Ashiq Alasgar grew up in a big and poor family with three brothers and two sisters. He was the eldest son of the family. Due to the financial difficulties in his family, Alasgar was obliged to work on the farm of a rich landowner, Karbalayi Gurban when he was 14. While working here, Alasgar fell in love with 12 years old daughter of Karbalayi Gurban. But due to his social background, he was refused to have such a relationship with agha's daughter and after some time Alasgar was fired.

Ashig Alasgar spent his childhood in the village of Aghkilse and was uneducated. But despite this, he was able to learn the secrets of ashiq art from the elderly ashigs in his village. From his childhood, Alasgar was a careful listener and he was very passionately participated in most events in his village due to his strong memory and story-telling ability, he could manage to memorize almost all ashiq stories (dastans) of that time and. He was playing saz with using his left hand.

Activities 
Ashiq Alasgar is considered one of the great representatives of Azerbaijani folk poetry. His poetries in Gerayly, Qoshma, Mukhammas, Cighali Tecnis, Giphilbend genres have influenced to ashigs of next-generation after him. Ashig Alasgar was almost a master in branches of ashig art and contributed a lot to Azerbaijani literature. Alasgar wrote his first poetries in his adolescence period. Shortly after, his father encouraged him to learn ashig art from one of the famous ashigs in Goycha district, Ashig Ali. After a long term preparation, Alasgar had a chance to participate in a wedding ceremony in his village with Ashig Ali. In that event, everyone appreciated the intelligence of Alasgar as he was able to defeat his instructor Ashiq Ali in a debate (kind of competition between two ashigs) and that event made Alasgar very famous in Goycha region and neighbouring districts. He actively participated in several wedding ceremonies important events in Yerevan, Nakhchivan, Gazakh, Garabagh, Javanshir, Ganja, Kalbajar other regions.

Later life 

Due to concussion from his first love, Alasgar did not marry anyone until he was 40 and then married a girl named Anakhanima from the village Yanshaq in Kalbajar district.
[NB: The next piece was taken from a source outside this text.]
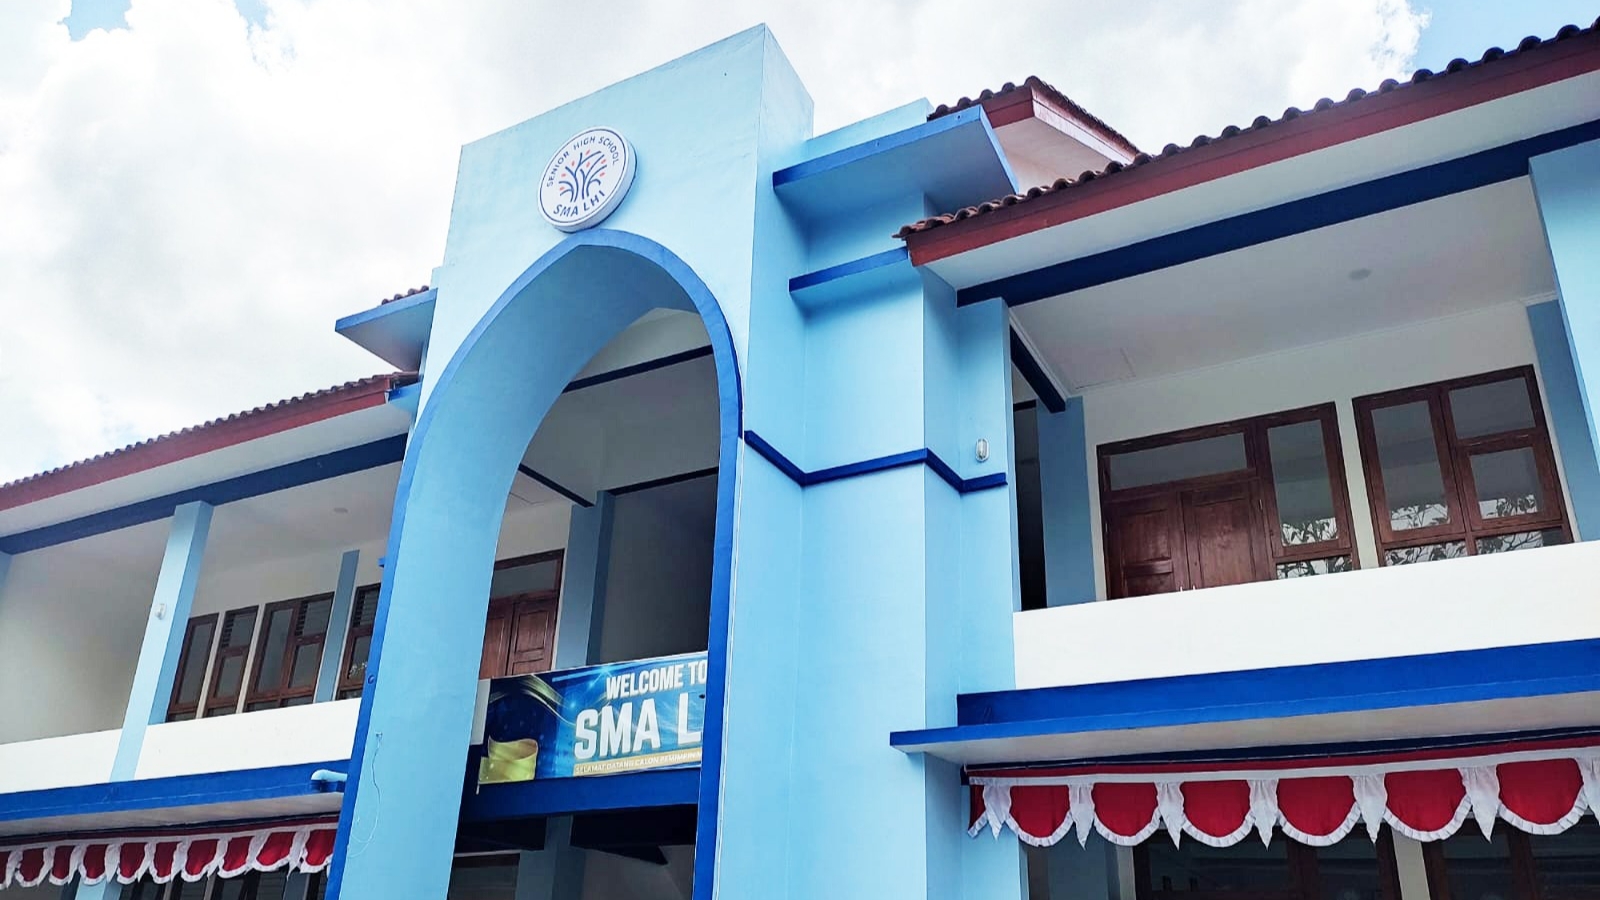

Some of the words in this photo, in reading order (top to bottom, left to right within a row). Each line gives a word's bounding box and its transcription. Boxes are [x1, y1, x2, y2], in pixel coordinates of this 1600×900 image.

In this period of time, Ashig Alasgar was busy with different activities in order to take care of his family. In spring and summertime, he was engaged in agriculture, small construction works and carpentry. But despite all of the above activities, he spent most of his time to the ashig art and wrote several poems. Alasgar was known not only in Azerbaijan but also as a master of ashig art in Turkey, Iran and Dagestan.

Alasgar completed his later life in misery and suffering. In 1915, he lost his brother's son and also his son-in-law at a very young age. After a year, his son Basir murdered the reeve of the village and could escape but instead, several people were arrested from Alasgar's family. During the period of 1918-1919 conflict between Azerbaijanis and Armenians, Alasgar was forced to leave his motherland and migrated to live in Kalbajar and then to Tartar districts. In 1921, he returned to Aghkilse and continued to reside there for the rest of his life.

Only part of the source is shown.